We have all heard the saying "If you want something done, Look for the busiest person" - don't just look for the busiest person you know - it is a crock. Look for the busy, organised person you know. The person who is always on the move with purpose.
When those around you don't want to make it an official club, but would rather a small group consisting of a couple of drinking buddies. That doesn't take away from the fact they are probably decent folk and good fun. But you will need to understand that they probably won't be major contributors to the overall scheme of things in getting a club started... there are others out there. These guys may well come into the picture along the way and join in or contribute in some way later.

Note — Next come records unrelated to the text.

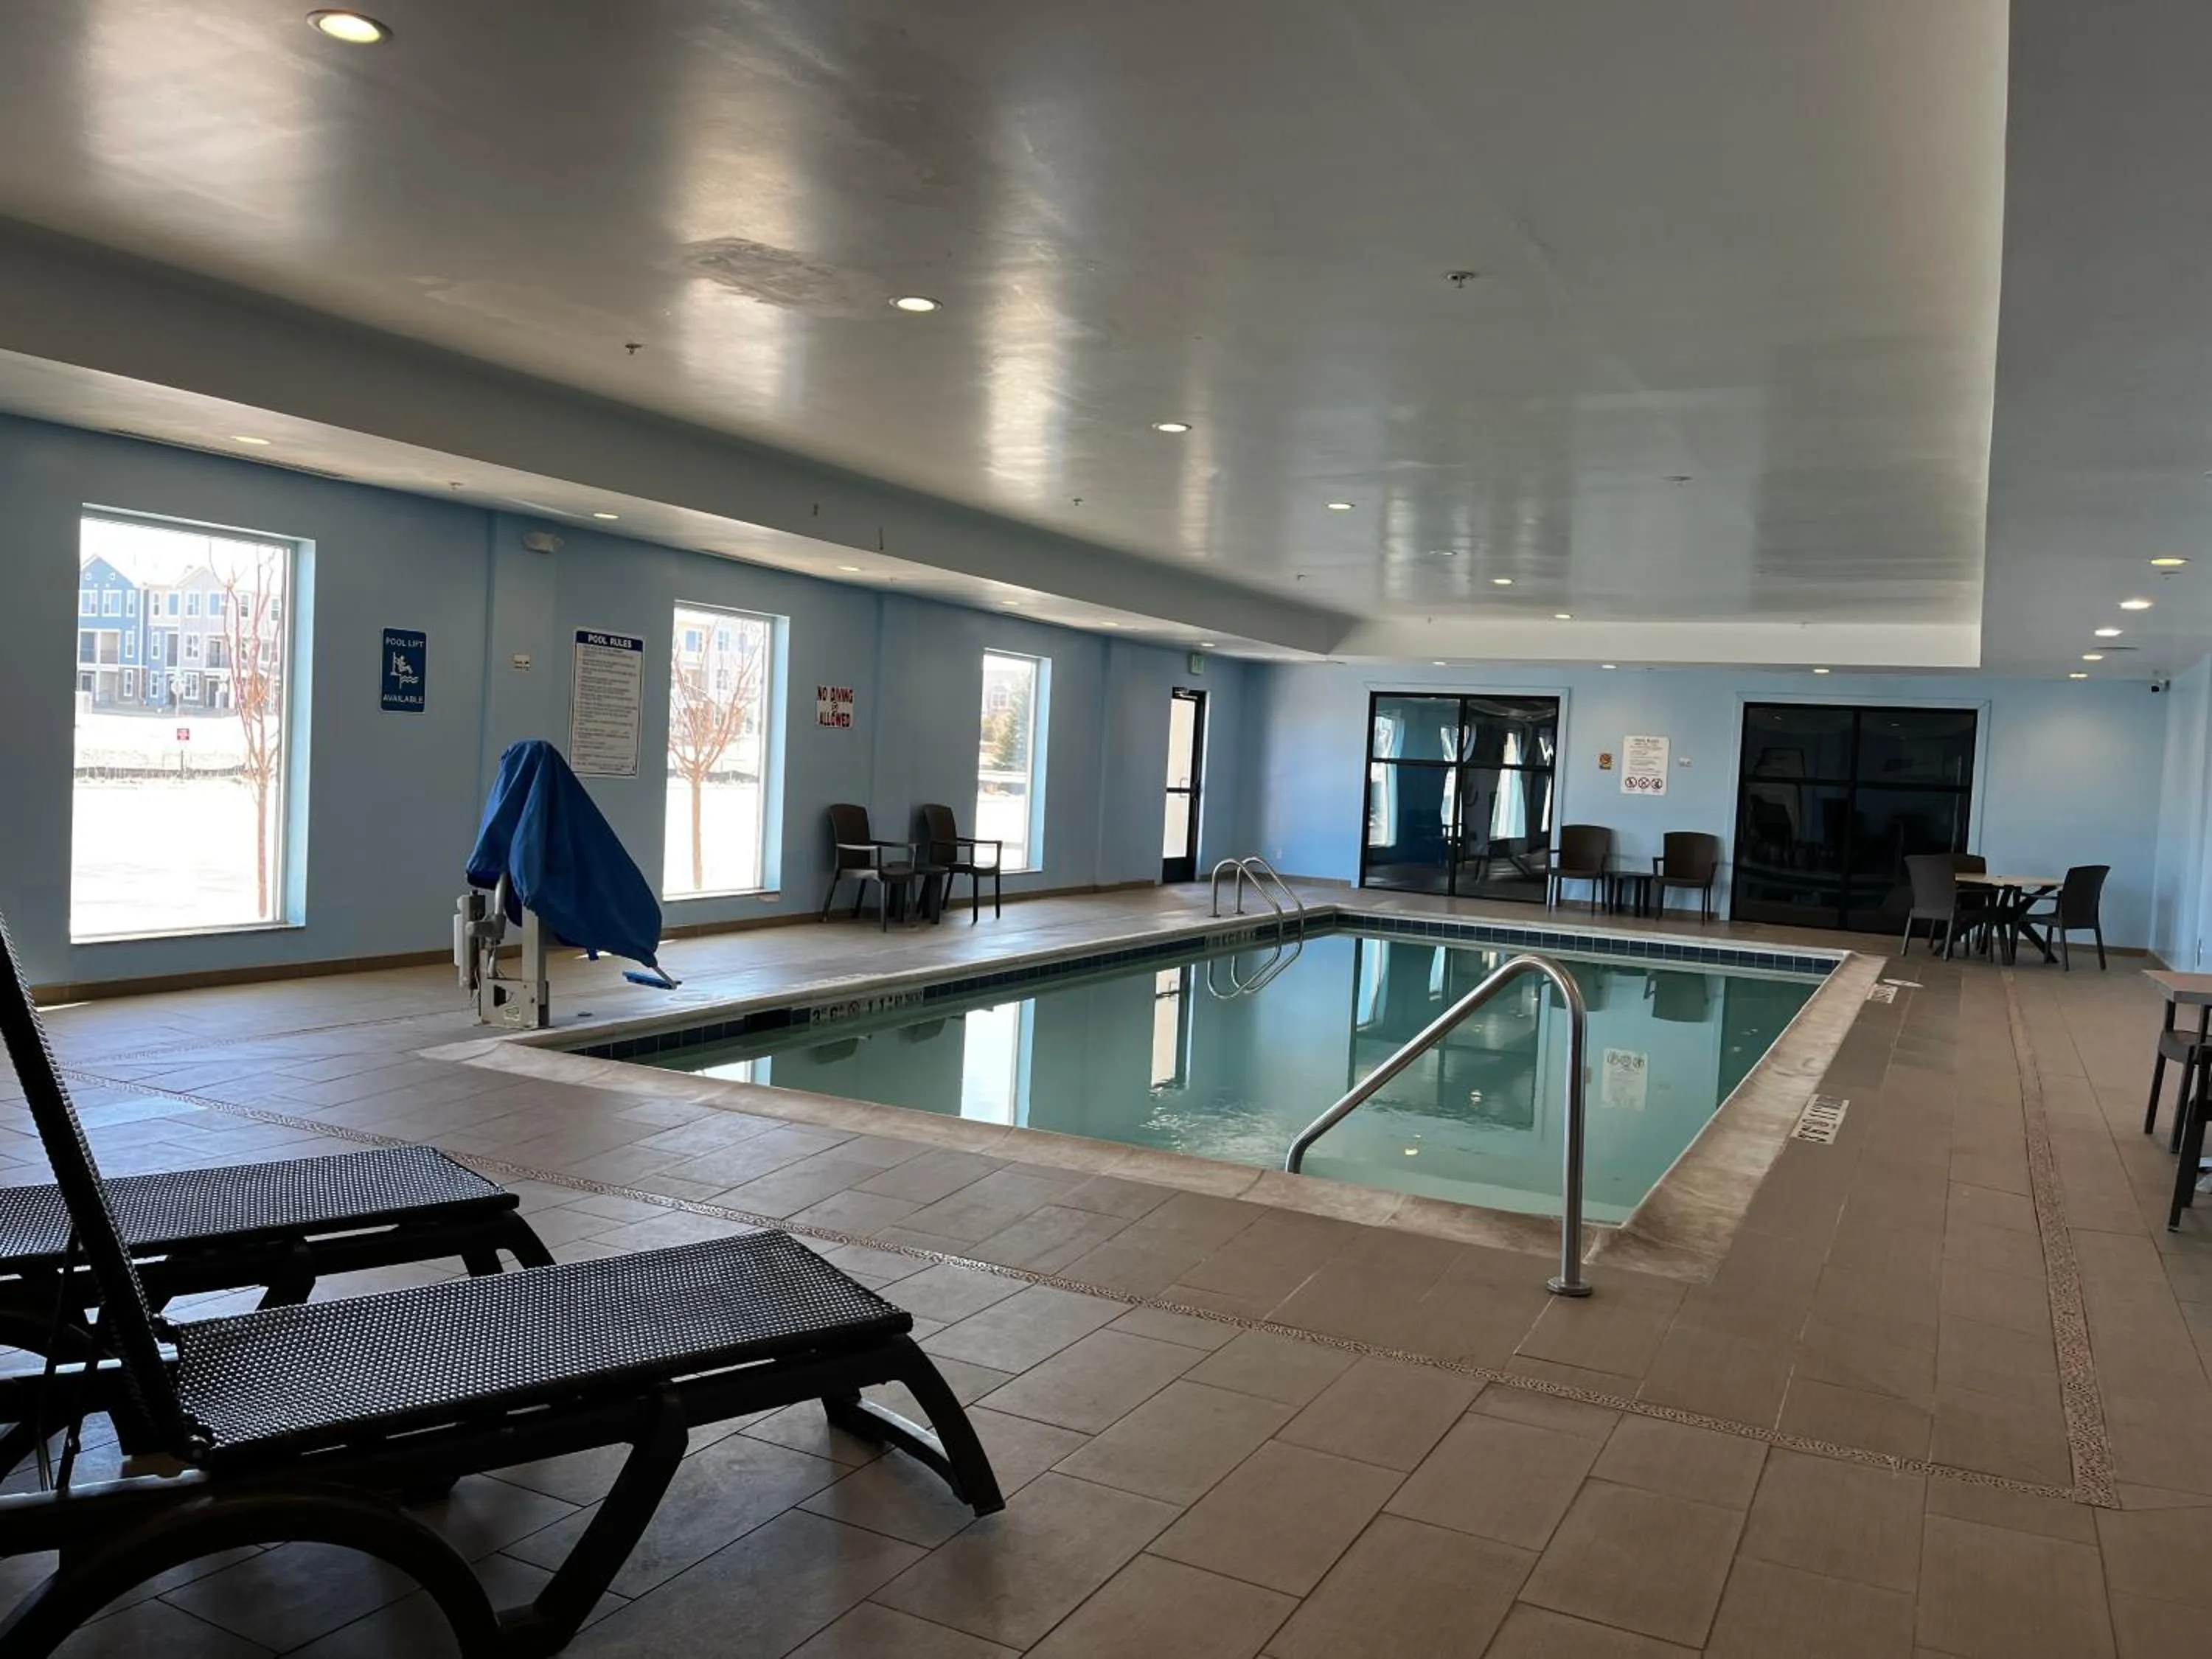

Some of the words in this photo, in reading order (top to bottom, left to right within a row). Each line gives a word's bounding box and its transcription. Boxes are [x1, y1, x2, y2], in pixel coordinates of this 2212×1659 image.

[386, 636, 406, 647] POOL
[408, 639, 425, 649] LIFT
[588, 633, 608, 645] POOL
[610, 636, 633, 648] RULES
[383, 694, 425, 704] AVAILABLE
[817, 685, 827, 700] NO
[831, 686, 853, 703] DIVING
[819, 712, 851, 728] ALLOWED

Another thing that is worthwhile doing is to make contact with other clubs in your state to find out about the state body if there is one for Home Brew Clubs. Here, it is the Queensland Association of Amateur Wine and Beer makers Guild. In all honesty, there does not appear to be a cohesive approach from all states, but there is a lot of truly dedicated home brewers out there doing their best and it is a mighty effort. There is an opening for someone who needs a project to fill in a lifetime of dedication to all things beer. In the case of membership to a state organisation, some state bodies have schemes where your club can come under their umbrella for insurance coverage etc for a nominal club fee plus a small fee per financial member. One less headache.
Back to your club - From there, form a small committee... President, Secretary, Treasurer and Vice President. Run a few raffles with small prizes and stash a few bucks away while you sort out relevant paperwork from one of the Government departments below. It takes about 30 minutes to read the instructions and sort the paperwork out for adopting model rules for an incorporated association. It's not rocket science.

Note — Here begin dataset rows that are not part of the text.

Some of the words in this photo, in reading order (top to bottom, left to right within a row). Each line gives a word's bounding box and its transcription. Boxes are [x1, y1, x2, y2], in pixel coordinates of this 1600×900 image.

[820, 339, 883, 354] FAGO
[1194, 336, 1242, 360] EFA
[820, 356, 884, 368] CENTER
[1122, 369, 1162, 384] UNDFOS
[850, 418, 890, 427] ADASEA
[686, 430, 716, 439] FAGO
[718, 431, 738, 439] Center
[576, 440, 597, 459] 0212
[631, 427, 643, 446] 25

Submit the relevant paperwork and required attachments. (Usually minutes of a meeting where it is decided and voted on to become an Incorporated association) Then when the paperwork comes back, it is just a matter of arranging a quick get together at the local bank.
Each state will have it's own set of rules, but none are difficult to understand or follow.
Now, here is a word of warning about banks. Some of the banks do not particularly care for small clubs and associations, except to harvest monthly fees from low balance accounts. CBA currently charge $10 a month to maintain a small associations account, where as some of the small institutions have excellent schemes, Bendigo bank is one of the latter. Check into these things before making a decision on which bank your club will use.
Congratulations, you have your Home Brewers Club with it's own identity.
For more information on Incorporation of clubs and associations in your state, see the relevant links below:
Need some more ideas?
Here are a few ideas for club gatherings to build interest:
Get together at a local Craft Beer Venue or Pub.
Backyard BBQ - Make it family inclusive. When partners and kids are included, there will be less obstacles. Clubs can be all inclusive and will tend to attract Brewsters as well as Brewers.
Task someone to do a 5 minute talk on a particular beer style, its history and recipe formulation and maybe present it as the style of the month.
Encourage structured tastings - use your state/national score sheets or BJCP etc for this. Use it as a learning tool.
Run a small scale competition where participants are given some feedback.
Have a brewing challenge where a set yeast is used or a set malt or hop and leave the rest of the recipe open for interpretation.
Have a styles day, bring a few portable systems together at one back yard and brew a different style on each, then come together in 6-8 weeks time to enjoy them.
Arrange an online chat with an expert - video conferencing with our group is possible from just about anywhere in the world.
Get together for these with a neighbouring club to build relationships. After all brewing and beer is ALL about community.